Your objective:
Your reply should reproduce all the data below exactly while excluding the pictures.

Annotated photo localization data
──────

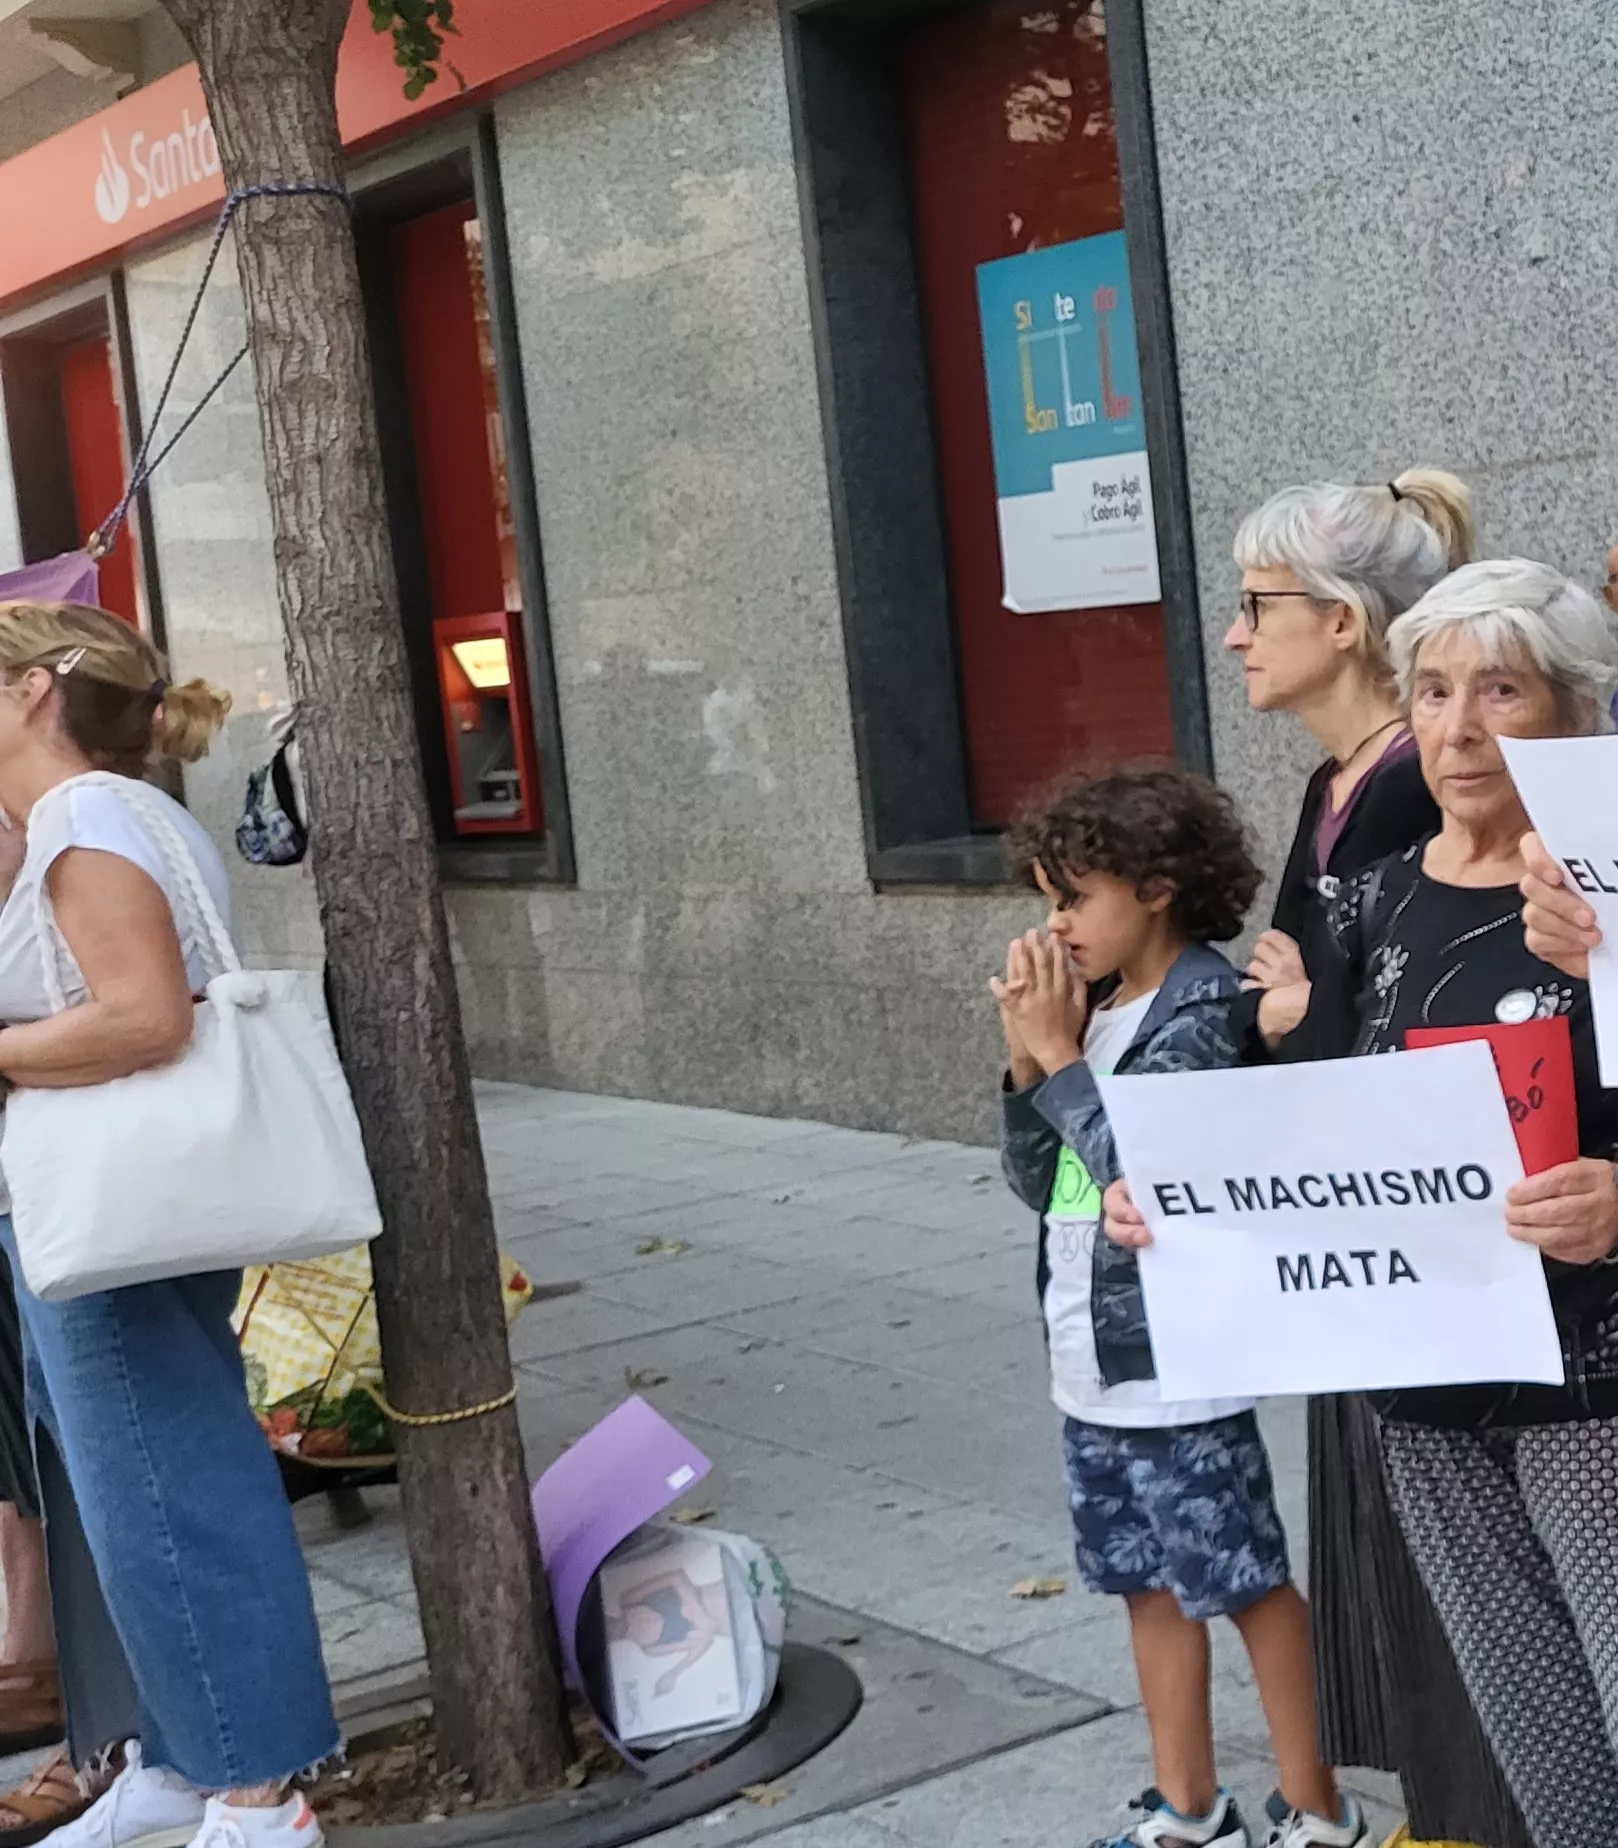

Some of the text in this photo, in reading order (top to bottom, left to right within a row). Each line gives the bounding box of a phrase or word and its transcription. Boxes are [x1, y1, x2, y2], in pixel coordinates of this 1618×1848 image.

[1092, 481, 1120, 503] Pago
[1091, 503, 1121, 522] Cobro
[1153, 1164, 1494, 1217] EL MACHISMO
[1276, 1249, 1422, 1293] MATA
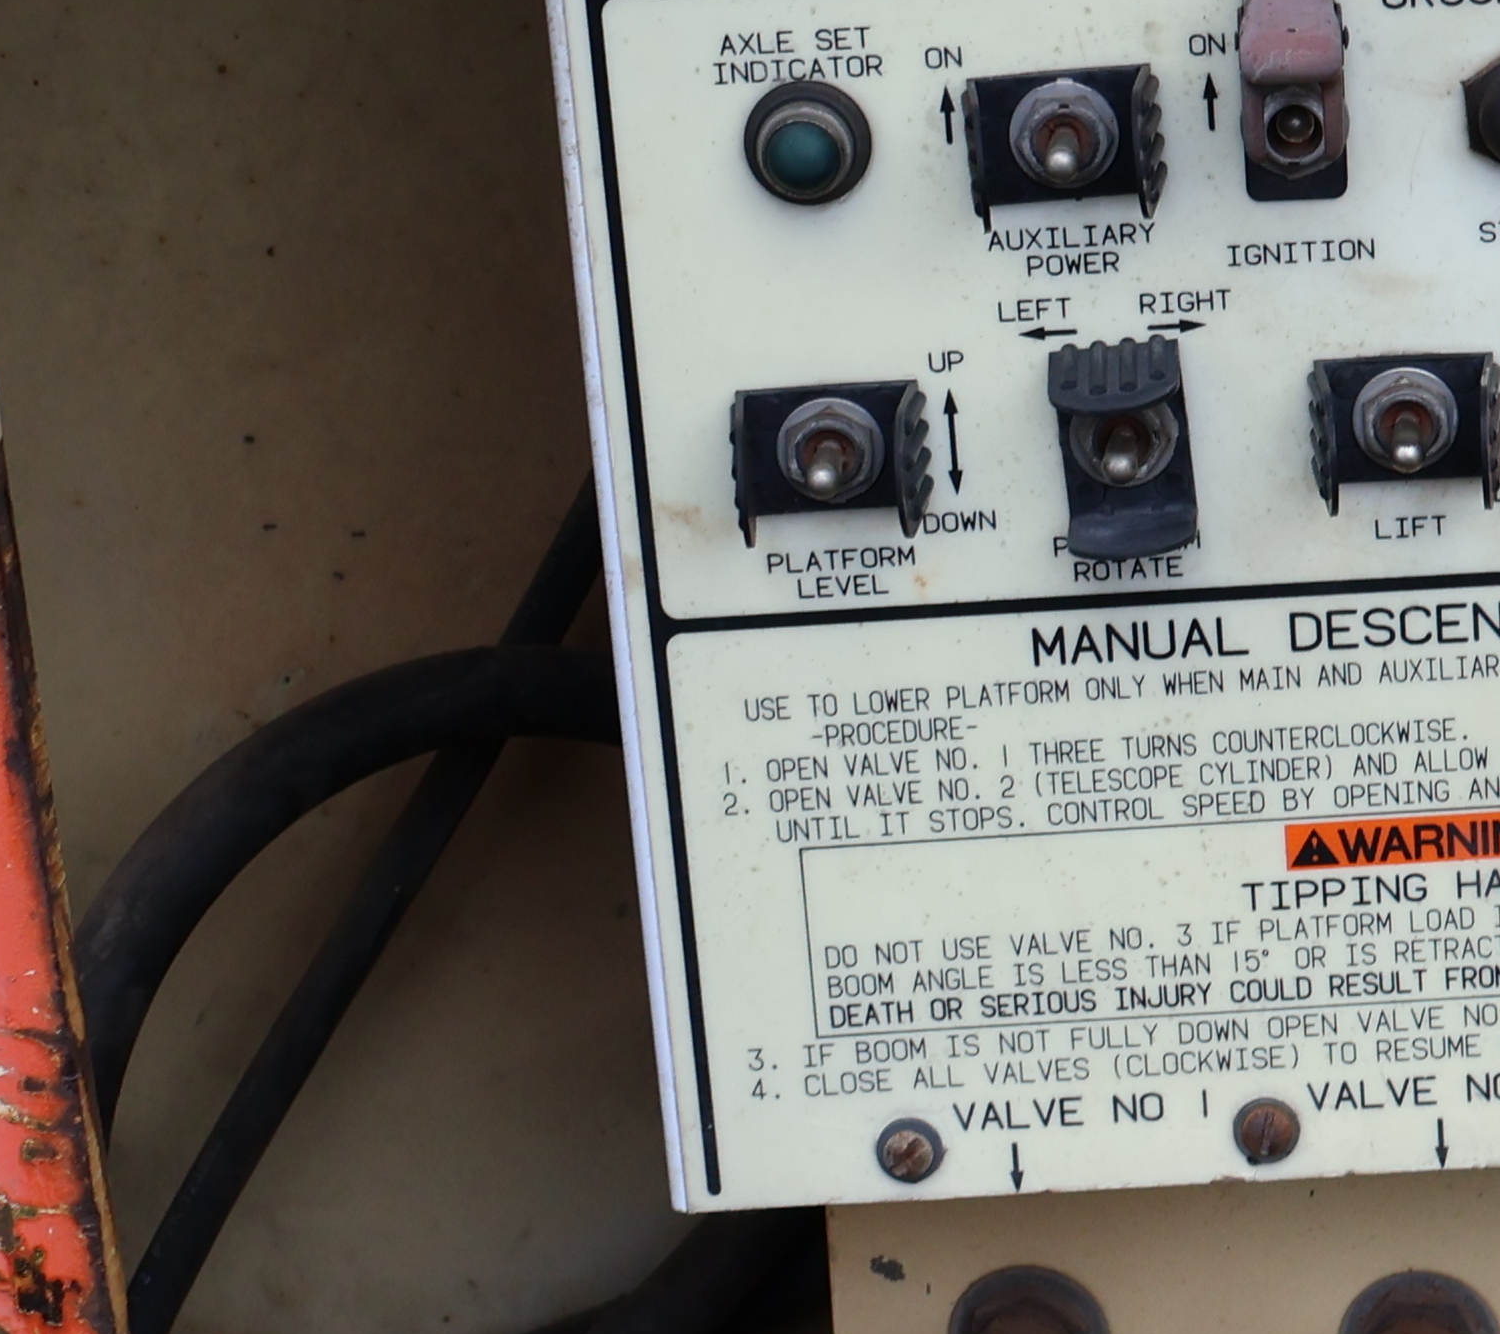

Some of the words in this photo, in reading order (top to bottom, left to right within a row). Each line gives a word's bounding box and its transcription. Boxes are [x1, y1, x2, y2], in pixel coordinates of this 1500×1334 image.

──────

Response to this exercise:
Some of the text in this photo, in reading order (top to bottom, left to right within a row). Each line gives the bounding box of a phrase or word and its transcription. Boxes are [x1, y1, x2, y2], in pixel coordinates of this 1618×1848 image.

[1092, 481, 1120, 503] Pago
[1091, 503, 1121, 522] Cobro
[1153, 1164, 1494, 1217] EL MACHISMO
[1276, 1249, 1422, 1293] MATA

Some of the words in this photo, in reading order (top to bottom, left to right within a row). Each line gives a word's bounding box and its transcription. Boxes are [x1, y1, x2, y2], in pixel coordinates of this 1500×1334 image.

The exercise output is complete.